If he should shoot Oswald, Sheba could be rescued. At the same time, Ruby’s car could not be moved without a tow truck. If he succeeded, the $2,000 in his pocket might be enough for bond and release from jail. If he needed more, he could direct his lawyer to the additional cash in his trunk. Most important, he would be a hero.

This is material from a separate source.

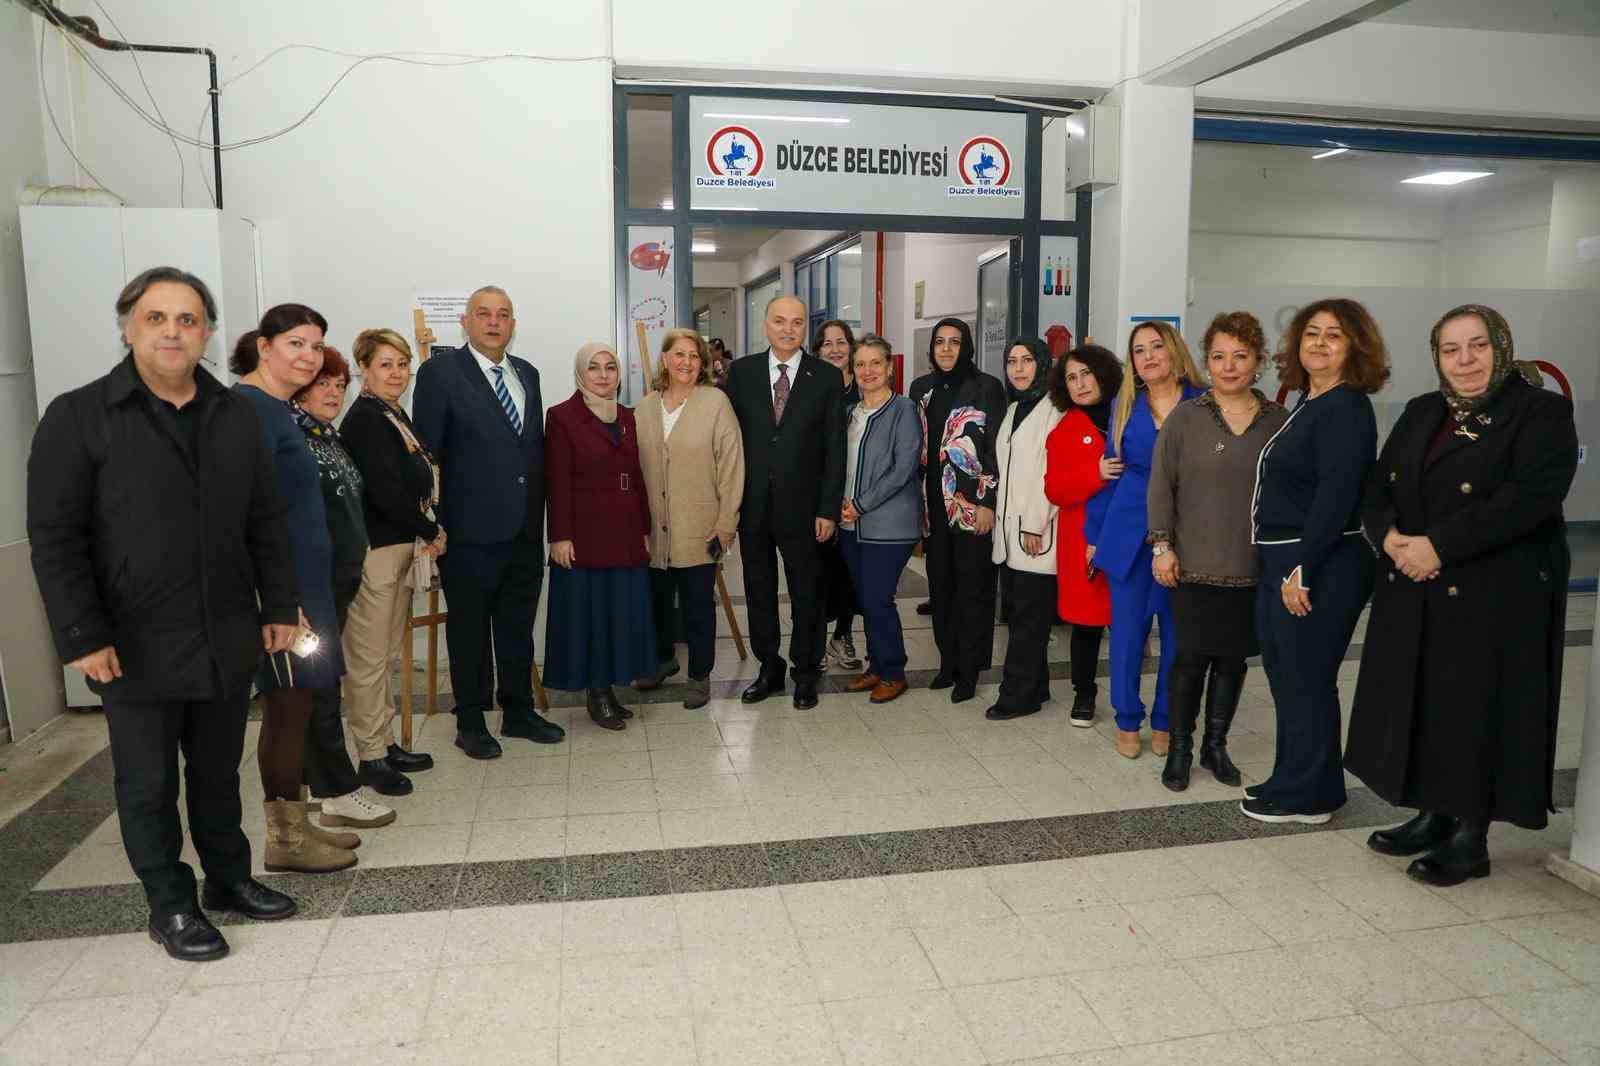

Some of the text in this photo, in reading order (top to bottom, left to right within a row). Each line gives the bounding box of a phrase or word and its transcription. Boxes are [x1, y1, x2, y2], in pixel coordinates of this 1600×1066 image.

But he might not gain access to Oswald. Killing Oswald at the police station was problematic. No one, except the law enforcement officers who were interviewing Oswald, knew when Oswald would be moved. As the prosecutor observed, Ruby’s first obligation would have been to Sheba. His next obligation was clearly to send a money order to Little Lynn. Shooting Oswald seemed to come third.
In any event, were those the actions of a grand conspirator—especially one recruited by organized crime? Indeed, was Ruby planning to shoot Oswald ever since Friday night, as Sergeant Dean had testified at the Ruby trial? Was it a last-minute decision based on an unplanned opportunity, as prosecutor Alexander suggested? Was it a thought that arose only when Oswald came into sight—a psychotic episode, as Ruby’s trial attorney Melvin Belli claimed? Or was it the result of emotions that had built up over two days and, as Ruby himself told the Warren Commission, a decision that was made Sunday morning in order to spare Mrs. Kennedy the emotional trauma of returning to Dallas—and to show the world that a Jew had guts, as he said when he was arrested?
None of us can be certain. I have never believed that his concern about Mrs. Kennedy was the driving force for Ruby. With the passage of time, the gathering of more information, and further reflection, I have become satisfied that his acute fear of anti–Semitism, his fury at Oswald for killing the president, and his desire for acclaim were Ruby’s primary motivators.
Every friend and stranger we interviewed gave remarkably similar descriptions of Ruby in those hours between when he learned that the president had been shot and when he gunned down Oswald. Consistently, those people described a general state of agitation and a growing obsession with the Weissman ad; a belief that the ad was connected to the shocking murder of the president; his fear that Jews would be blamed for the assassination; and a belief, as Ruby himself said, that, if the world saw that “a Jew had guts,” Jews would be absolved of blame for President Kennedy’s death.